Um consórcio formado por cinquenta jornalistas de 13 meios de comunicação - entre eles AFP, The Guardian, Der Spiegel, Le Monde e ARIJ (grupo de imprensa árabe com sede na Jordânia) - investigou durante quatro meses, sob a égide da rede internacional Forbidden Stories, se os ataques foram danos colaterais ou objetivos do Exército israelense.
A investigação analisa os casos de jornalistas que morreram ou ficaram feridos enquanto cobriam o conflito e o cotidiano da população de Gaza, em uma crise humanitária sem precedentes.
"Mais de 100 jornalistas e trabalhadores da imprensa foram assassinados", afirma Laurent Richard, cofundador da Forbidden Stories, no editorial que acompanha a investigação.
Para o diretor do Comitê para a Proteção dos Jornalistas (CPJ), o espanhol Carlos Martínez de la Serna, "é um dos ataques mais flagrantes à liberdade de imprensa que já vi".
O Exército israelense rejeita as "falsas acusações de que ataca jornalistas".
O Exército "não fere intencionalmente jornalistas, que podem ter sido atingidos durante bombardeios ou operações contra alvos militares", afirmou à investigação.
"A maioria dos casos mencionados é de militantes mortos durante atividades militares, mas registados como jornalistas", acrescentou.
A investigação analisou milhares de horas de imagens e sons gravados na Faixa de Gaza e dezenas de casos em que repórteres foram mortos ou feridos.
– O colete de imprensa, uma "ameaça" –
Segundo dados coletados pelo ARIJ, ao menos 40 jornalistas e funcionários da imprensa morreram em casa.
A investigação revela a denúncia de que quatro jornalistas que usavam coletes de imprensa foram mortos ou feridos por um drone.
No total, 14 foram mortos, feridos ou supostamente atacados enquanto usavam coletes de imprensa.
Pelo menos 40 jornalistas de veículos afiliados ao Hamas foram mortos, segundo o estudo.
"Os jornalistas de Gaza sabem há muito tempo que o seu colete de imprensa já não os protege.
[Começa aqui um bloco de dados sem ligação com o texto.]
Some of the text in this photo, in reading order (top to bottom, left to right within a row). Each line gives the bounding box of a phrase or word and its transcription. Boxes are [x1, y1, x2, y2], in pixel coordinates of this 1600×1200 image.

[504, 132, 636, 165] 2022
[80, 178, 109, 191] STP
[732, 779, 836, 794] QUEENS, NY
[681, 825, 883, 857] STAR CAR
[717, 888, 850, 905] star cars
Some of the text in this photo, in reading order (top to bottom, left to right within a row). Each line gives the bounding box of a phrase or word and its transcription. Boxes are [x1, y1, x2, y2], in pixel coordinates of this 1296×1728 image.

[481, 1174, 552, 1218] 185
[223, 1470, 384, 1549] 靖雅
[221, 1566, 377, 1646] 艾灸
Pior, talvez os exponha ainda mais", diz Richard.
"Este colete deveria nos identificar e proteger, sob o direito internacional e as convenções de Genebra. Agora é uma ameaça para nós", diz o palestino Basel Khair Al Din, que diz ter sido alvo de um drone durante uma reportagem em Beit Lahia, no norte.
Os jornalistas são, no entanto, "as testemunhas de que a História necessita", diz Richard.
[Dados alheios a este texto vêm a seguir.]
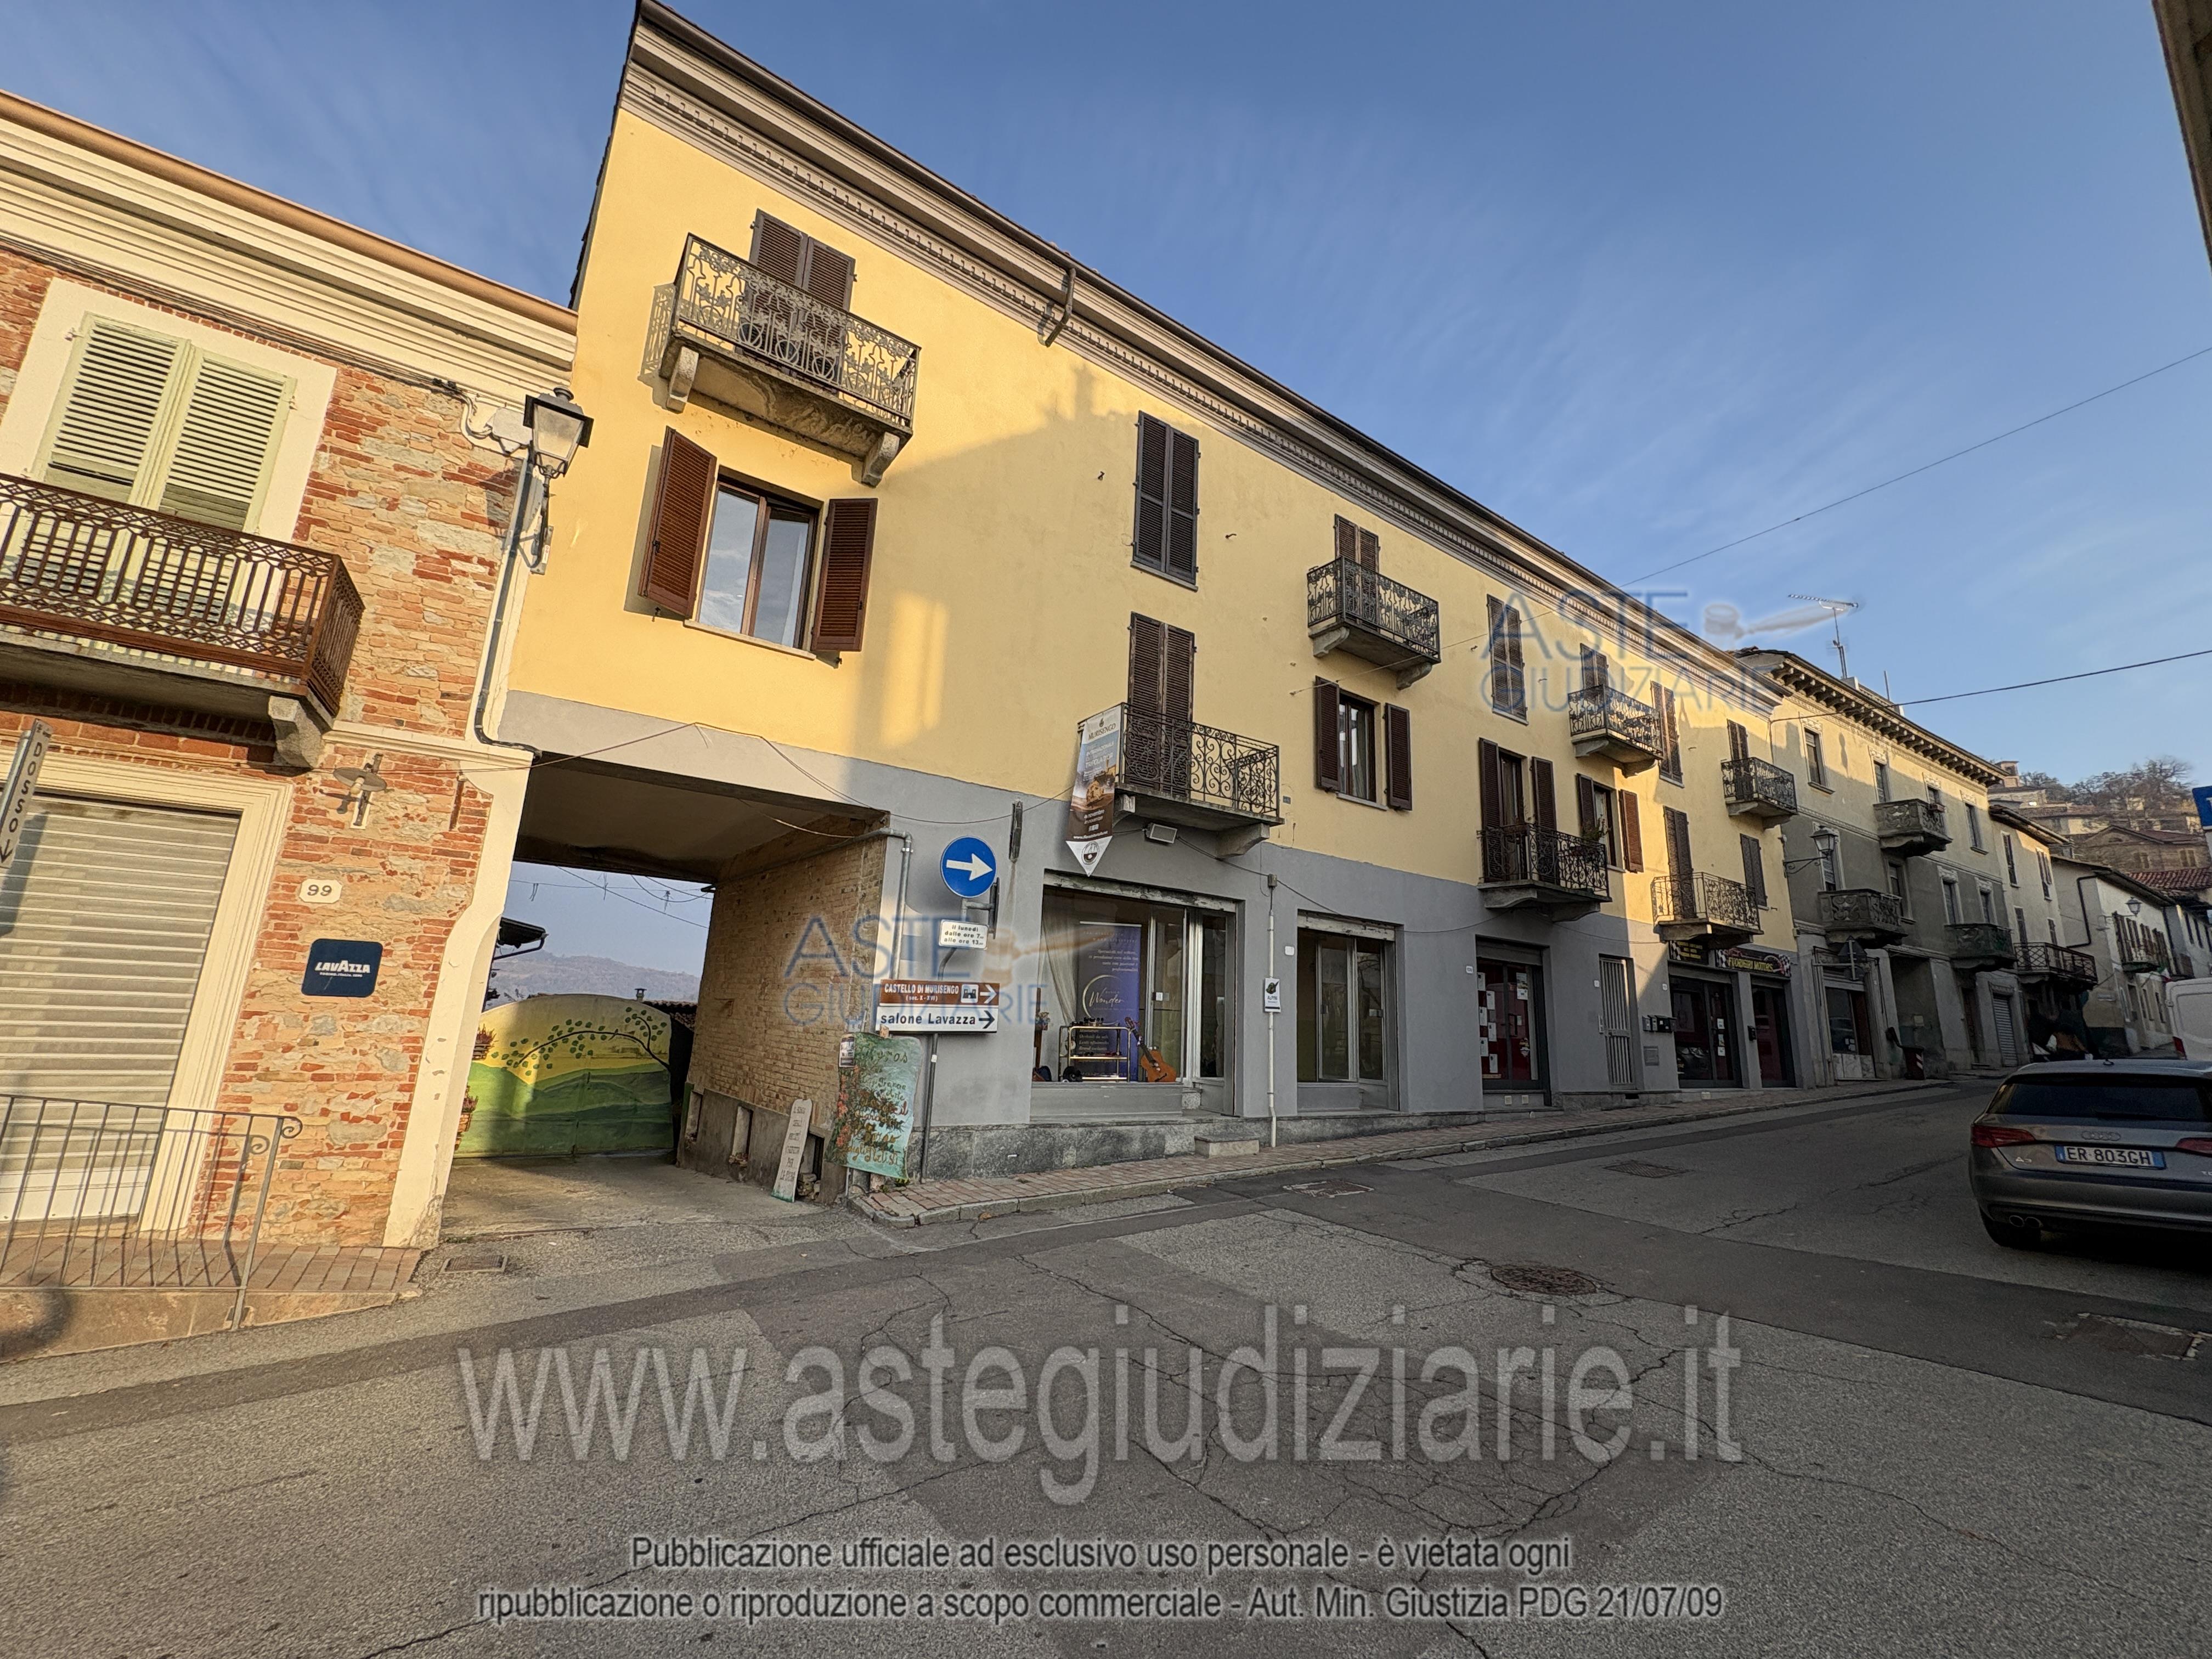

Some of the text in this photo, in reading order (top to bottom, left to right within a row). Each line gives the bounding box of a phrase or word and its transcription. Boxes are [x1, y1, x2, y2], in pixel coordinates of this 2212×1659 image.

[9, 742, 42, 833] DOSSO
[307, 884, 332, 896] 99
[314, 960, 371, 973] LAVAZZA
[884, 983, 959, 994] CASTELLO DI MURISENGO
[881, 1013, 976, 1024] salone Lavazza
[2067, 1147, 2087, 1161] ER
[2094, 1149, 2152, 1165] 803GH
Para Phil Chetwynd, diretor de informações da AFP, cujos escritórios em Gaza foram gravemente danificados, provavelmente pelo disparo de um tanque israelense em 2 de novembro de 2023, o número de jornalistas mortos é "totalmente inaceitável".
"O que mais me preocupa é que não causa nenhum escândalo. Não vejo vozes de vários governos reclamando no mundo", alerta.
Segundo o sindicato dos jornalistas palestinos, cerca de 70 infraestruturas de imprensa foram parcial ou totalmente destruídas desde o início do conflito.
"Se houvesse 100 ou 140 jornalistas israelenses ou ucranianos mortos, não creio que a reação do mundo seria a mesma", diz Shuruq Asad, porta-voz do sindicato.
"Não desejo a morte de nenhum jornalista, seja israelense, ucraniano ou palestino. Os jornalistas devem ser protegidos, independentemente do país em que se encontrem", afirma.